### WHAT IS NEEDED
Below are records. Copy every line with "USUARIOS" in it.

### MATERIAL FOR THIS EXERCISE

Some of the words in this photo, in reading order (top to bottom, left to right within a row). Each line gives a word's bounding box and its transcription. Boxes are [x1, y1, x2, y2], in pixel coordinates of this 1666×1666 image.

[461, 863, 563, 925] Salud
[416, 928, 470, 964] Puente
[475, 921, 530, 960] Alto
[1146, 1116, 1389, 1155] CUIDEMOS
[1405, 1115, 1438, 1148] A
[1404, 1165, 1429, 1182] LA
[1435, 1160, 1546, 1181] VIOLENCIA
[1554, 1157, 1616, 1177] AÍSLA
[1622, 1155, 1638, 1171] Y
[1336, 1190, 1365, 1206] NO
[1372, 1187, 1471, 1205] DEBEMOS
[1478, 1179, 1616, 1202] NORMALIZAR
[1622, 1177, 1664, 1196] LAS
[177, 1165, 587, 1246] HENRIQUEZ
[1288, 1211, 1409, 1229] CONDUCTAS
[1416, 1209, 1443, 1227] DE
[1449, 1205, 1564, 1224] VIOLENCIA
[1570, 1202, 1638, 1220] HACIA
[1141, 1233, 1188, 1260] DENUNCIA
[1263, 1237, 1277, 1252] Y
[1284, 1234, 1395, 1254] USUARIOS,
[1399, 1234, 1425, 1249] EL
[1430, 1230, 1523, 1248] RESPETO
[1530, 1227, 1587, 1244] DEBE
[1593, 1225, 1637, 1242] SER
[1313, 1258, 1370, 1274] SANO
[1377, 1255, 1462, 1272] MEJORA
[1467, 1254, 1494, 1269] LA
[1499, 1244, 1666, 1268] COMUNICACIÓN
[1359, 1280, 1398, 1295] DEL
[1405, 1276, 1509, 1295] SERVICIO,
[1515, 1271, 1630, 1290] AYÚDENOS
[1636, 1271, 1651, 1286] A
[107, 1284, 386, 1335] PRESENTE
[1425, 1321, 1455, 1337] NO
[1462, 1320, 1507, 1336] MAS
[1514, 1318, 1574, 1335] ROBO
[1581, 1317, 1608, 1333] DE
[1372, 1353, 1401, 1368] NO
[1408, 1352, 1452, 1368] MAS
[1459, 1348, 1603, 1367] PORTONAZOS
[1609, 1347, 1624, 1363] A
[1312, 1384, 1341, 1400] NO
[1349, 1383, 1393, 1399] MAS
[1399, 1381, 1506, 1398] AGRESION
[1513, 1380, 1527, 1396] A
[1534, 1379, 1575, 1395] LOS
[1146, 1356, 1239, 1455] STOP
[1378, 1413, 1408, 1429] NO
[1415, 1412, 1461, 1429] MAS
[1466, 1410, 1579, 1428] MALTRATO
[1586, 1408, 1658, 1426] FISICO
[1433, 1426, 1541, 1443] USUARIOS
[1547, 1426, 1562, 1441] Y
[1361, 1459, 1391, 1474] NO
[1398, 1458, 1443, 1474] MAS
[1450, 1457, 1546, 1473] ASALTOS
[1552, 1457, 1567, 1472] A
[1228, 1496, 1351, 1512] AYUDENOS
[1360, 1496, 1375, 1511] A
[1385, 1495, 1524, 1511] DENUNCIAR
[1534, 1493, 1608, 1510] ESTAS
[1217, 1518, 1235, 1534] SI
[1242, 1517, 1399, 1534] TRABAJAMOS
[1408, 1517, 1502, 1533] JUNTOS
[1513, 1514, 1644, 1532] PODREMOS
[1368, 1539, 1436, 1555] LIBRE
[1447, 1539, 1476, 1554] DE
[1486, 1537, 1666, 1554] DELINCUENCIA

### PROBLEM SOLUTION
[1284, 1234, 1395, 1254] USUARIOS,
[1433, 1426, 1541, 1443] USUARIOS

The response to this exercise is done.